In May 1966, premier Zhou Enlai of the State council approved the report of the Ministry of Communications on opening the North-South route. On 25 April 1968, the Liming (黎明轮, The Dawn) made the following voyage: [add image / map]

 It first sailed south from Guangdong Zhanjiang, entering the Sulu sea from the Balabac strait. 
 It entered the Pacific Ocean along the northern coast of Mindanao through the Surigao strait, San Bernardino strait
 It then turned northeast towards the Japanese coast and entered the East China Sea through the Dayu strait. 
 On 8 May the Liming arrived Qingdao port, traveling 4533 nautical miles.
 Between June 2–14, it made its return to Zhanjiang via the reverse route.

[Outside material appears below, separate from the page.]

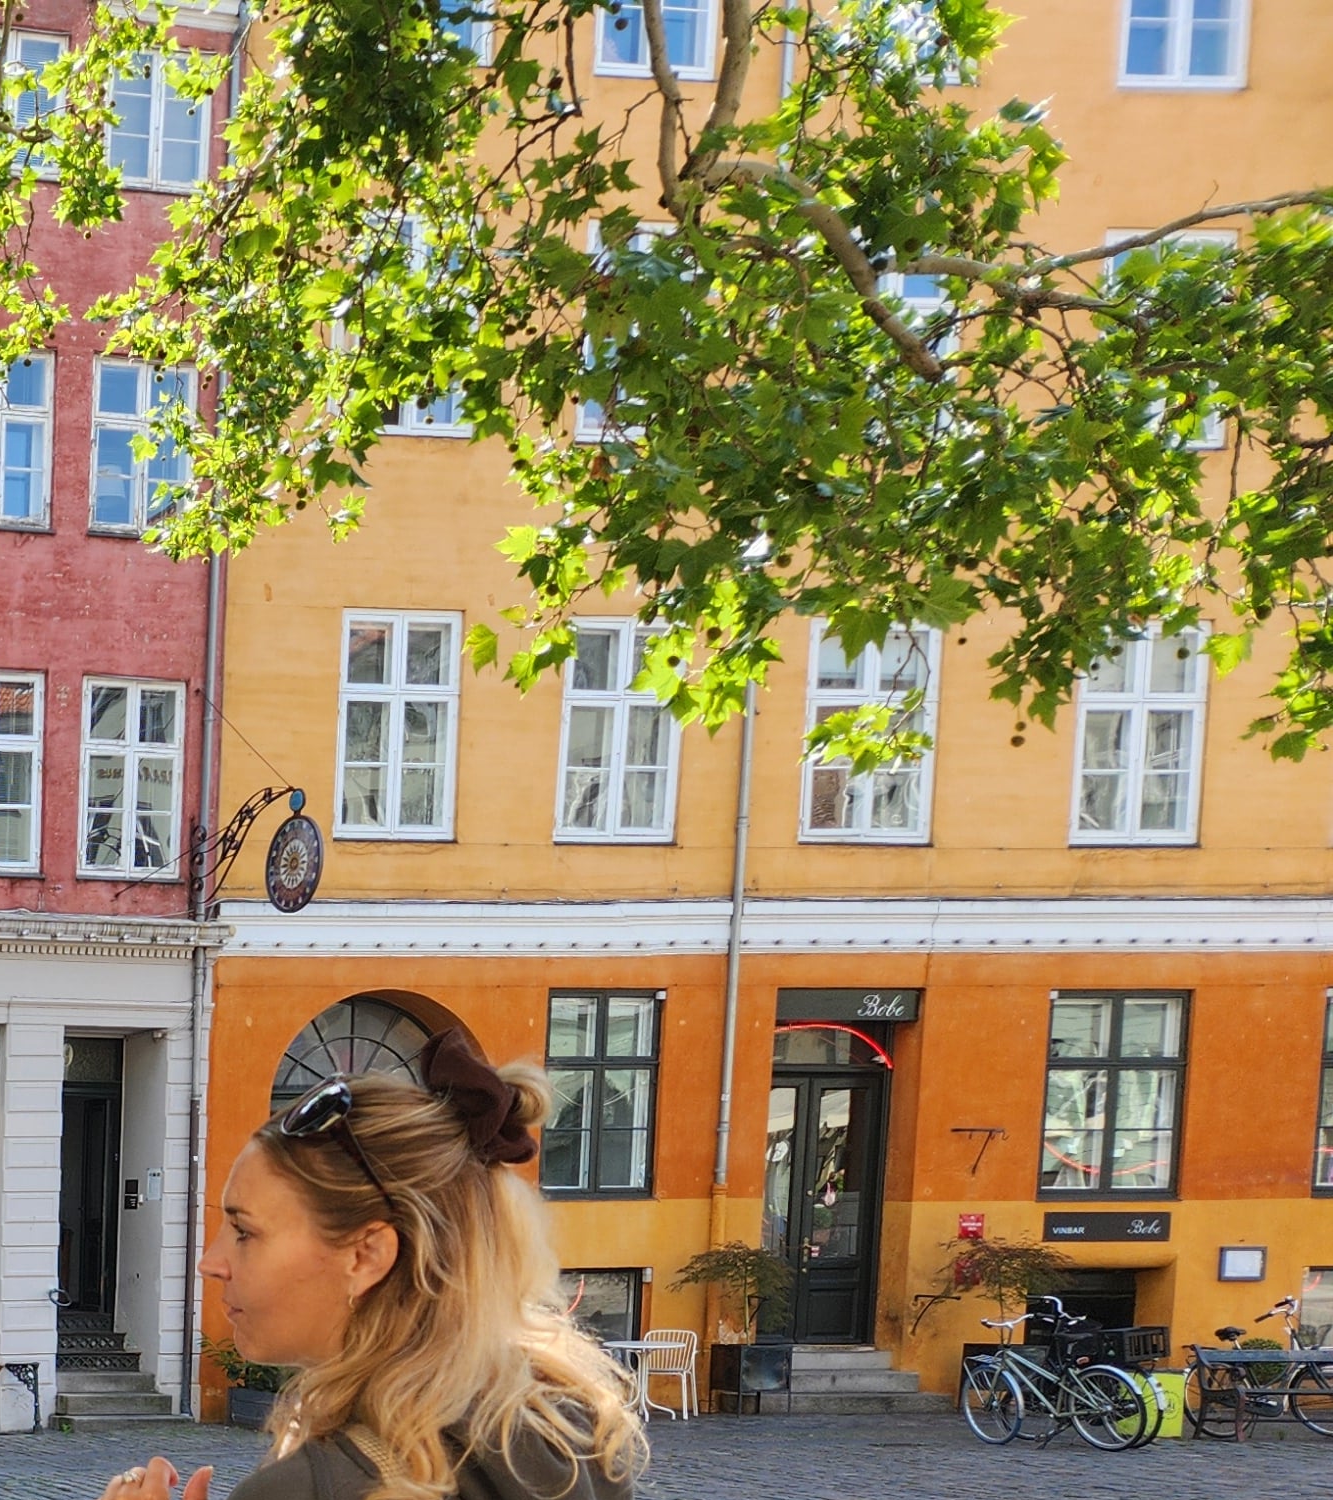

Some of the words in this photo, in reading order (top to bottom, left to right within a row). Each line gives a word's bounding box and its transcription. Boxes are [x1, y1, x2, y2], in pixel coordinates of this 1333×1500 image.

[857, 994, 905, 1017] Bobe
[1052, 1226, 1085, 1235] VINBAR
[1127, 1219, 1162, 1235] Bobe
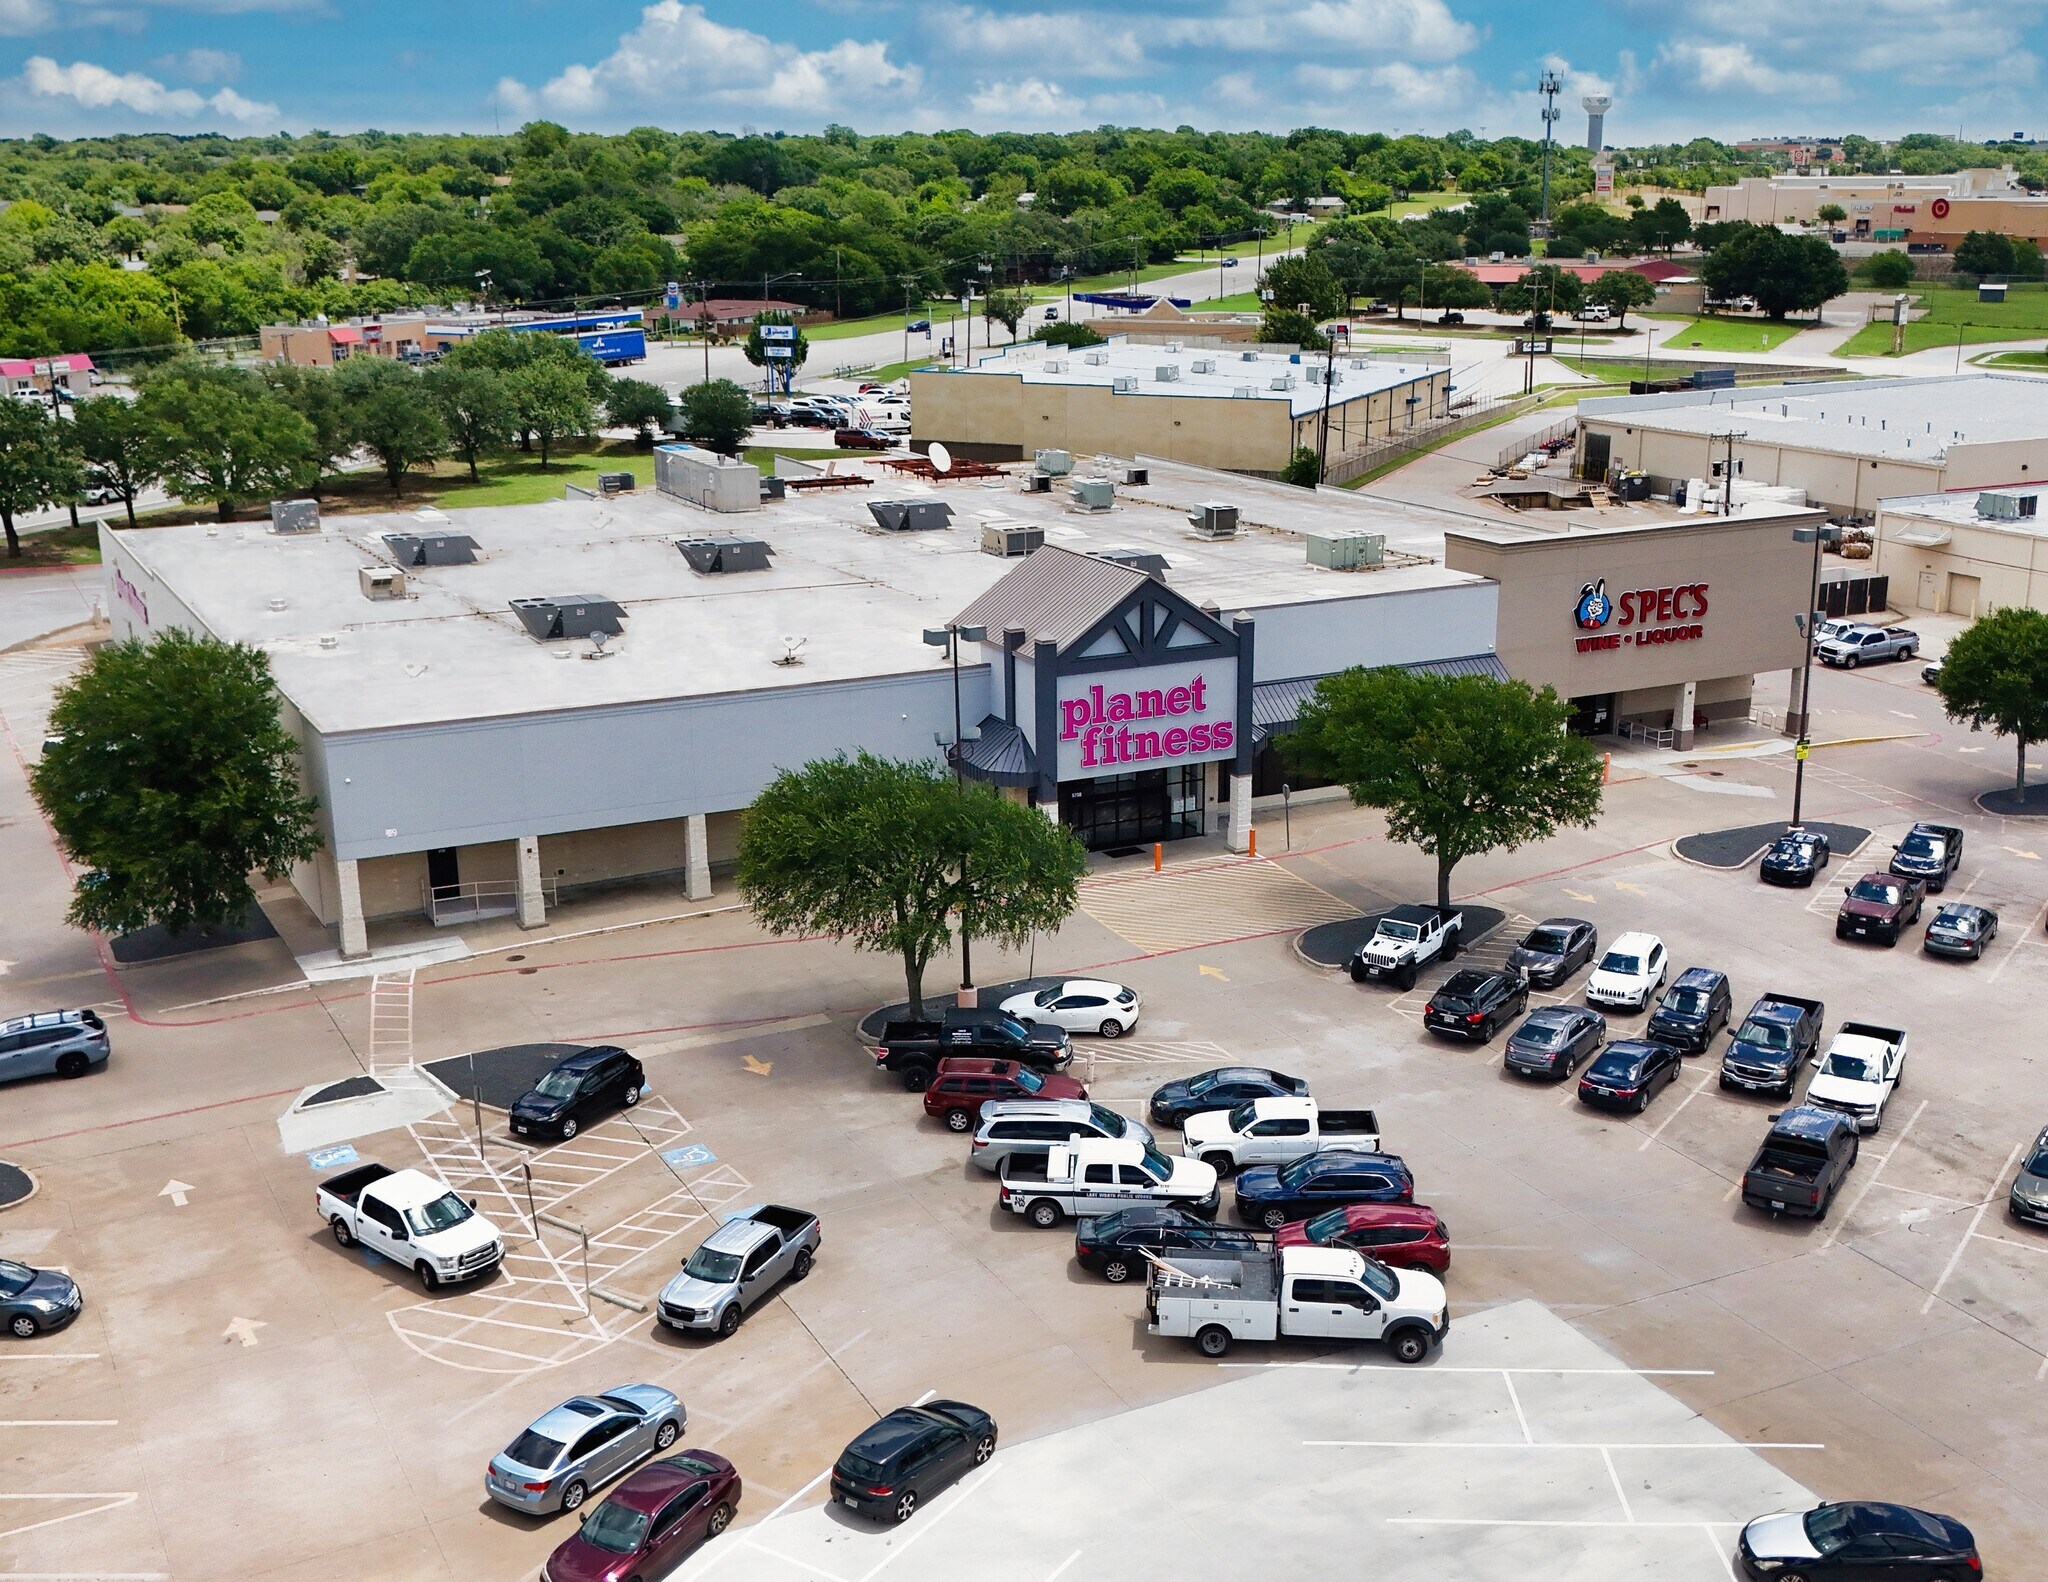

From September 22 to October 4, the Jiujiang (九江, Ninth river), belonging to the Guangdong Ocean shipping company took the same route. On October 22, Zhou Enlai officially approved the opening of the North-South route.

In February 1972 Nixon visited China, signaling a détente in US-China relations. In October, the Wuzhishan () sailed from Hainan Basuo port () to the Dalian port, greatly shortening the North-South route. In July 1974, the Yangmingshan () sailed from Zhanjiang port to Qingdao, shortening the route even further.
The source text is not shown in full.